Technology of Fusion Energy

The Doctoral Programme in Technology of Fusion Energy at the University of Oxford offers an exceptional opportunity for students to engage in cutting-edge research and advanced study in the field of nuclear fusion technology. Designed for aspiring researchers and professionals aiming to contribute to the development of sustainable and clean energy sources, this programme provides a comprehensive curriculum that combines theoretical foundations with practical application. Students will investigate the fundamental physics of plasma behaviour, magnetic confinement systems, and innovative reactor designs, equipping them with both the scientific knowledge and engineering skills necessary to address the challenges of fusion energy production. Through rigorous coursework, laboratory experiments, and collaborative projects with leading institutions, candidates will gain expertise in plasma diagnostics, materials science, and simulation techniques. The programme emphasizes interdisciplinary approaches, integrating physics, engineering, and computational methods to foster innovative solutions for fusion reactors. Participants will have access to state-of-the-art facilities, including tokamaks and other plasma devices, supported by world-renowned faculty members who are at the forefront of fusion research. The programme also encourages the development of professional skills, including research ethics, project management, and scientific communication, preparing graduates for careers in academia, industry, or government agencies involved in energy policy and infrastructure. Students will benefit from Oxford’s extensive research network and its collaborations with international fusion research centers, ensuring exposure to the latest advancements and global initiatives in fusion energy. Graduates of this programme will be well-equipped to contribute significantly to the advancement of fusion technology, helping to shape the future of clean, sustainable energy worldwide.
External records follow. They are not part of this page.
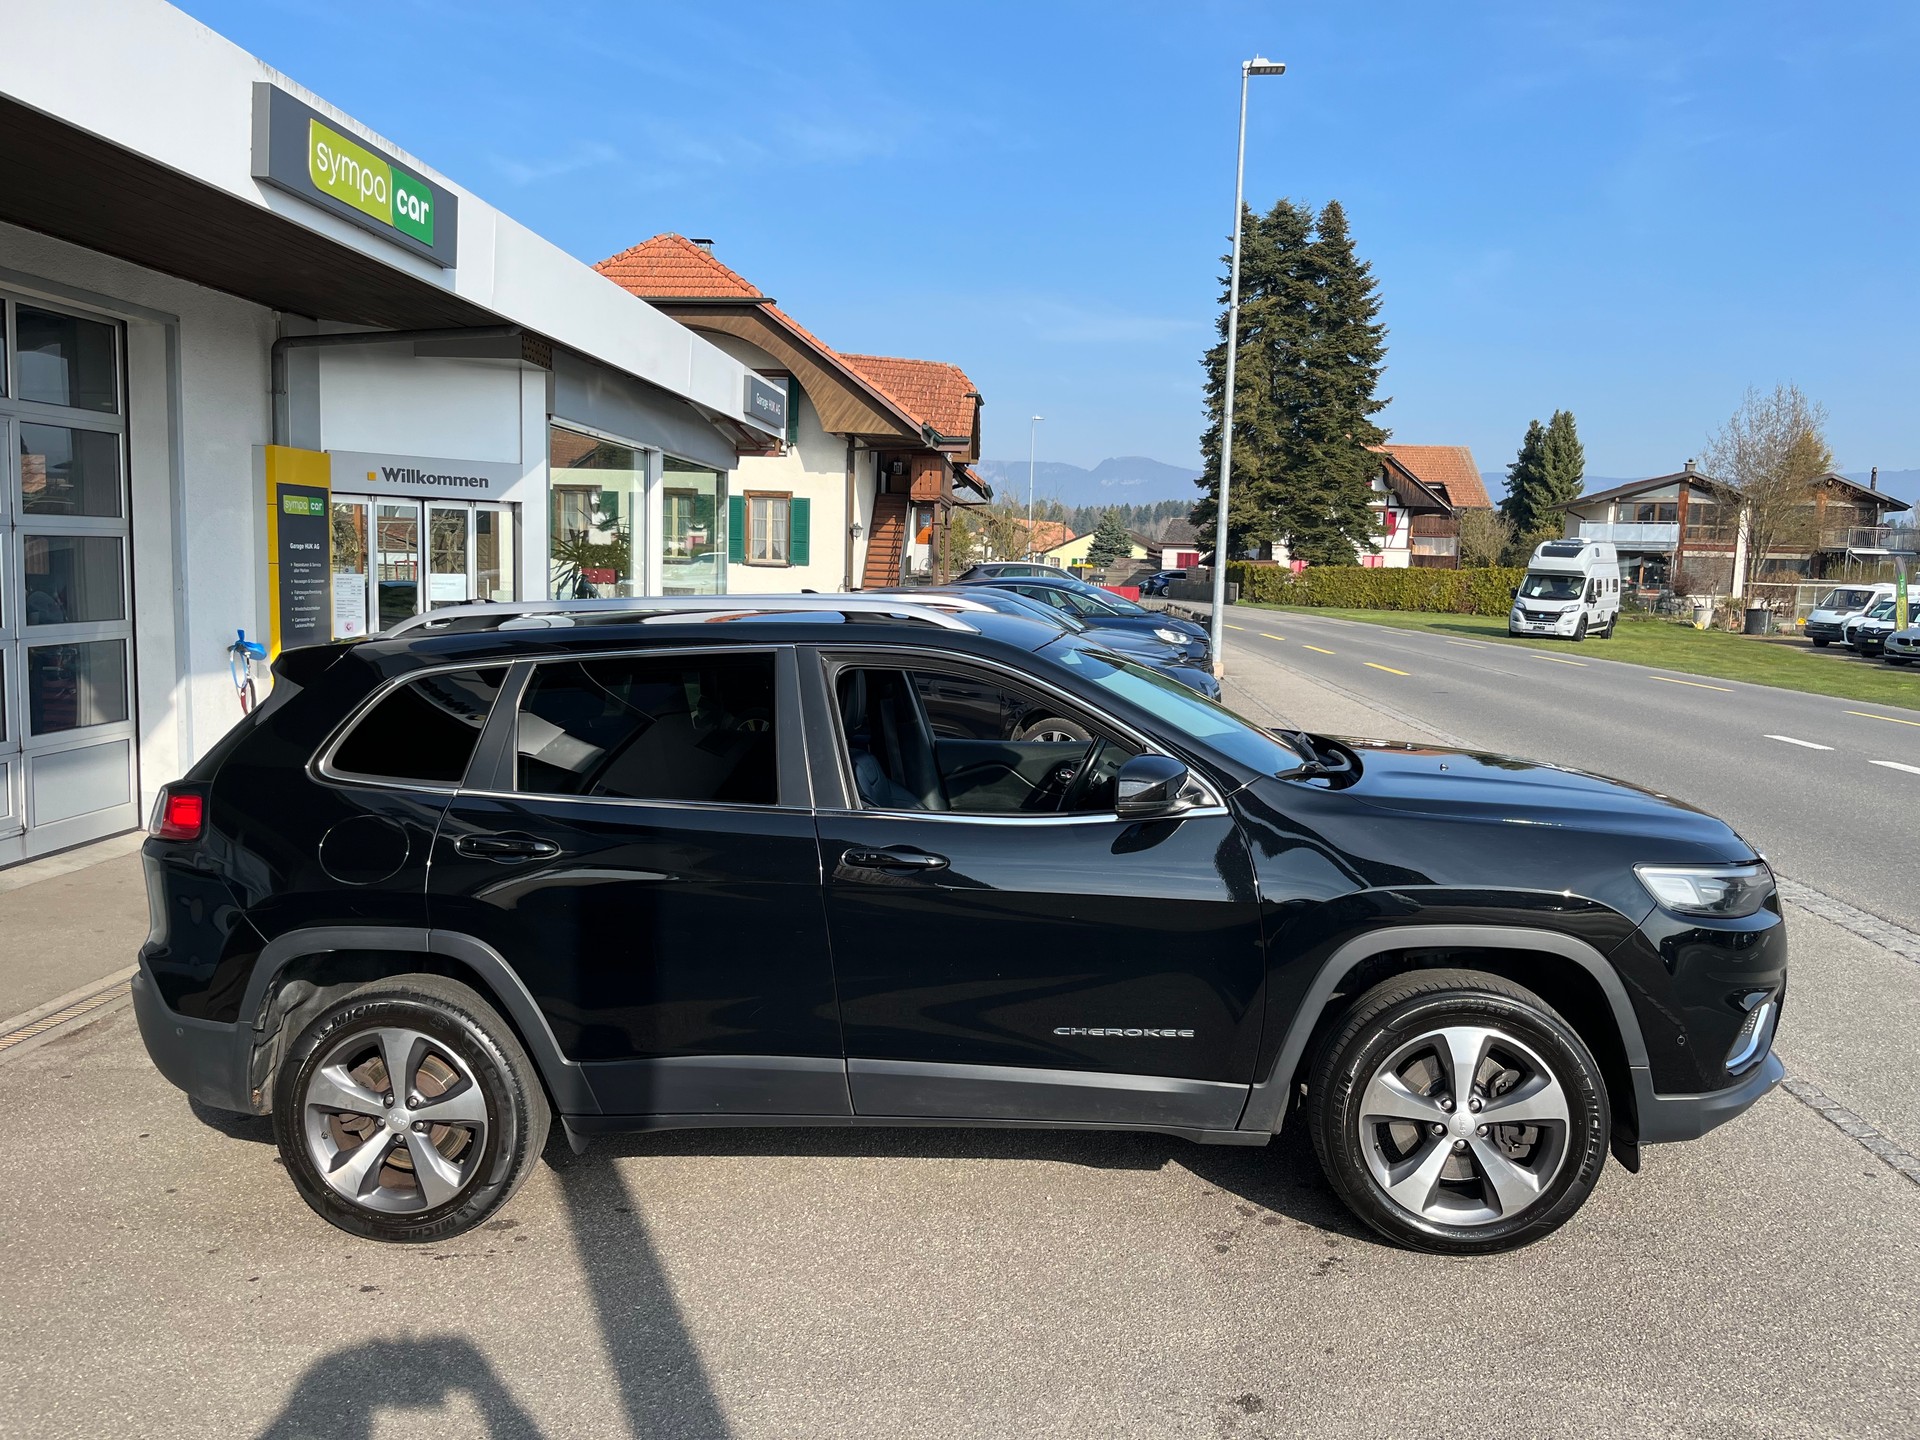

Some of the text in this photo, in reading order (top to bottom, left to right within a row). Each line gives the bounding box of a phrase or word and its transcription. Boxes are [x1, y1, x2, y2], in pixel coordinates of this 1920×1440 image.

[316, 142, 430, 225] sympa car
[381, 466, 489, 488] Willkommen
[285, 500, 322, 512] sympa car
[1053, 1027, 1195, 1037] CHEROKEE
[1578, 1087, 1601, 1188] MICHELIN
The Fusion CDT provides training from world-leading experts in a range of fusion-relevant disciplines: materials science, plasma physics, nuclear physics, technology, laser physics, instrumentation, etc. It will train at least 77 PhD students in disciplines related to fusion energy over five intakes from 2014 to 2018 and for each year a significant number of fully-funded four-year PhD studentships will be available.
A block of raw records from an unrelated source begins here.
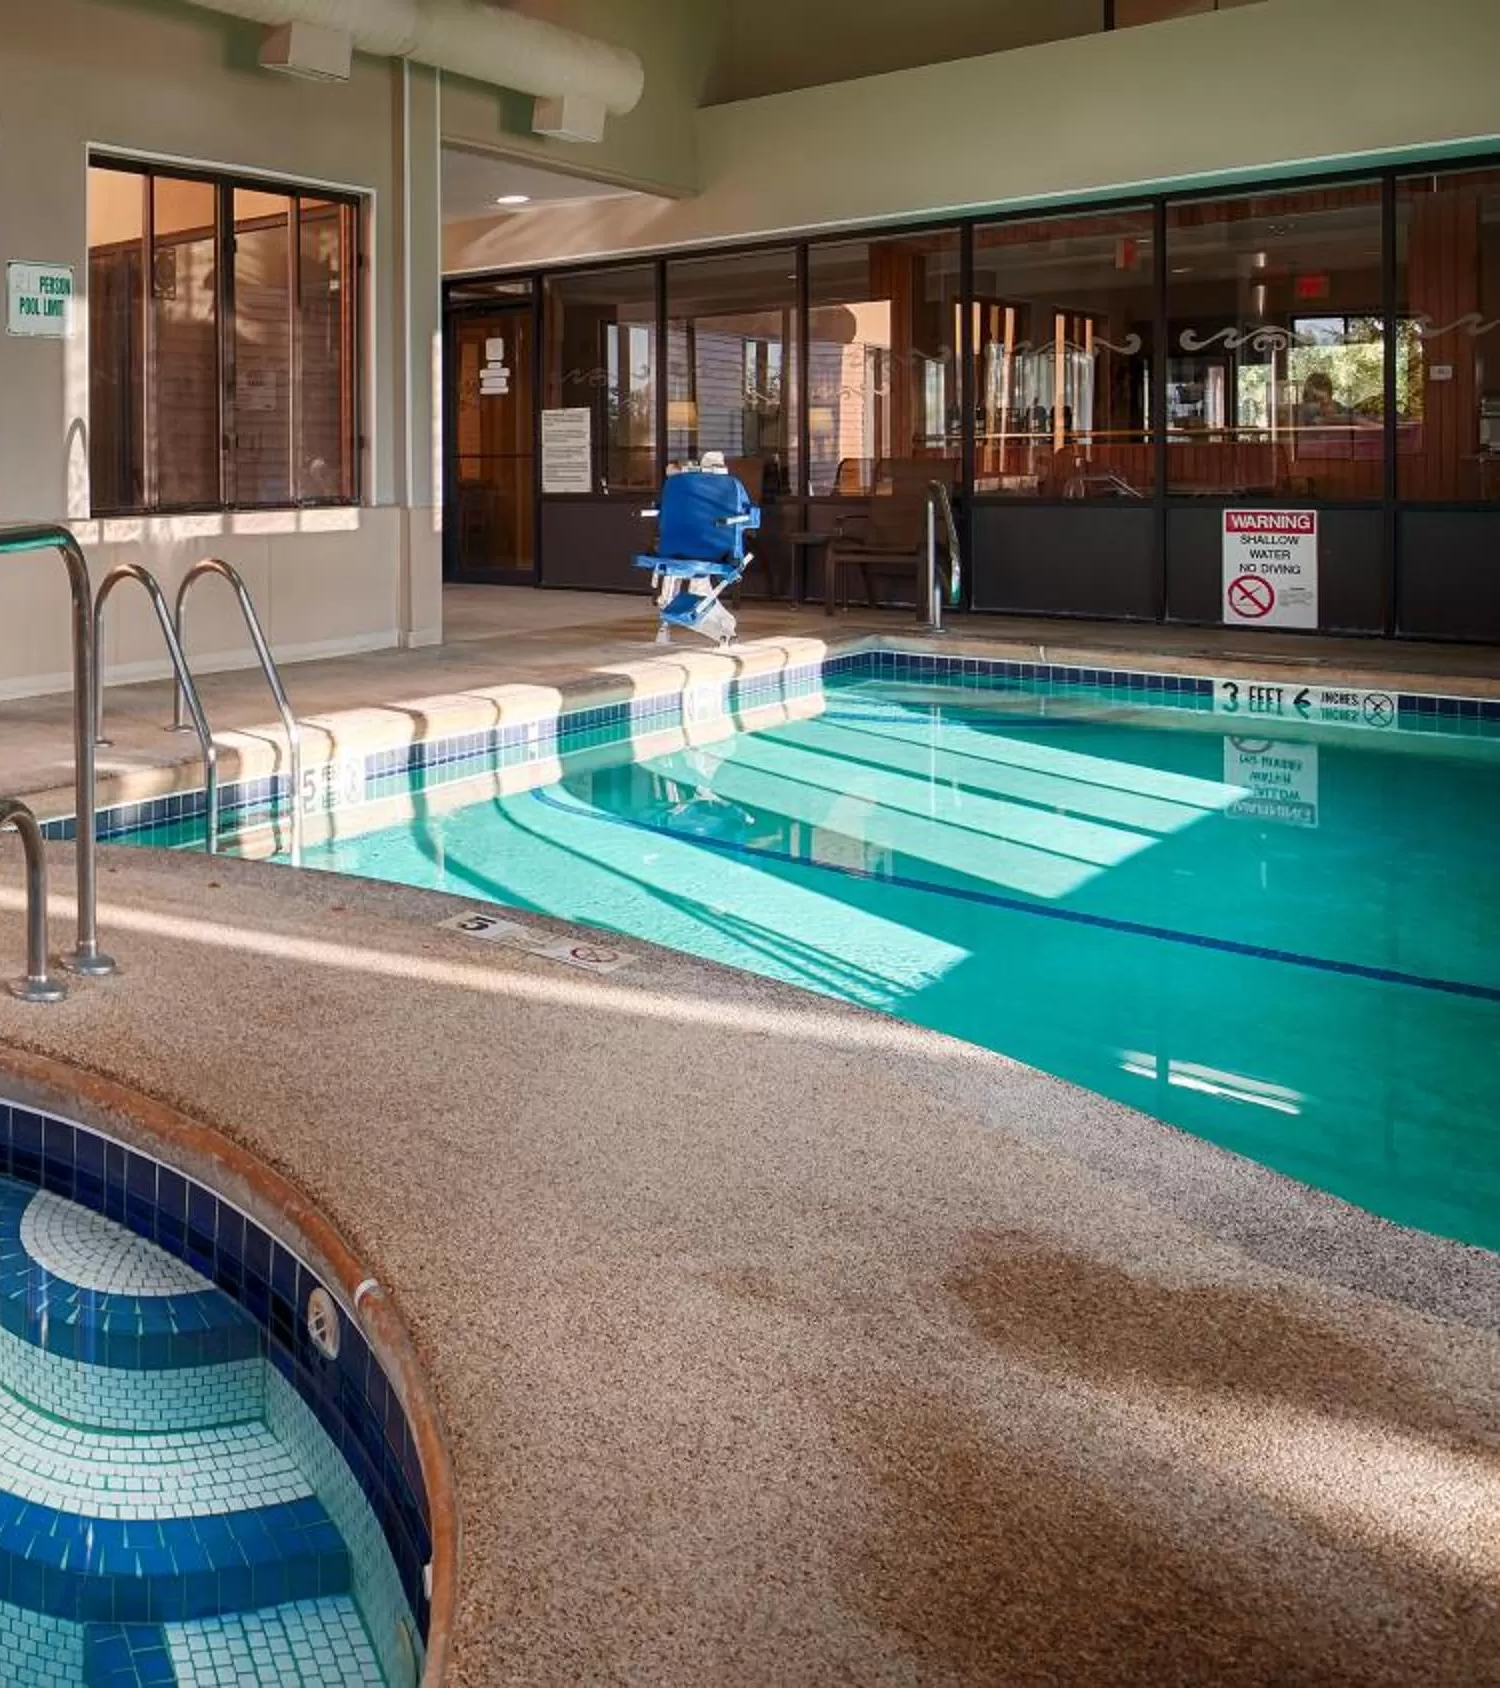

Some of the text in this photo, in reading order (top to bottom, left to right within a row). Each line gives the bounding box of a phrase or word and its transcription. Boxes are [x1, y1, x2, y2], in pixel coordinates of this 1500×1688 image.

[40, 275, 70, 295] PERSON
[20, 296, 40, 315] POOL
[1231, 514, 1311, 529] WARNING
[1240, 534, 1300, 545] SHALLOW
[1249, 549, 1291, 560] WATER
[1239, 563, 1301, 575] NO DIVING
[1222, 682, 1239, 711] 3
[1321, 691, 1360, 706] INCHES
[457, 916, 498, 931] 5
Other than the times when you are taking courses as part of the Fusion CDT cohort, students following the Oxford Science and Technology of Fusion Energy EPSRC Centre for Doctoral Training programme work, train and study alongside students undertaking the DPhil in Materials, together forming an Oxford cohort of research students in materials.

You will have access to a range of fusion energy facilities across the UK, including the Central Laser Facility at the Rutherford Appleton Laboratory, the MAST and JET tokamaks at Culham in Oxfordshire, advanced materials research facilities, the Orion laser and high performance computing facilities. International links provide access to many other fusion devices around the world.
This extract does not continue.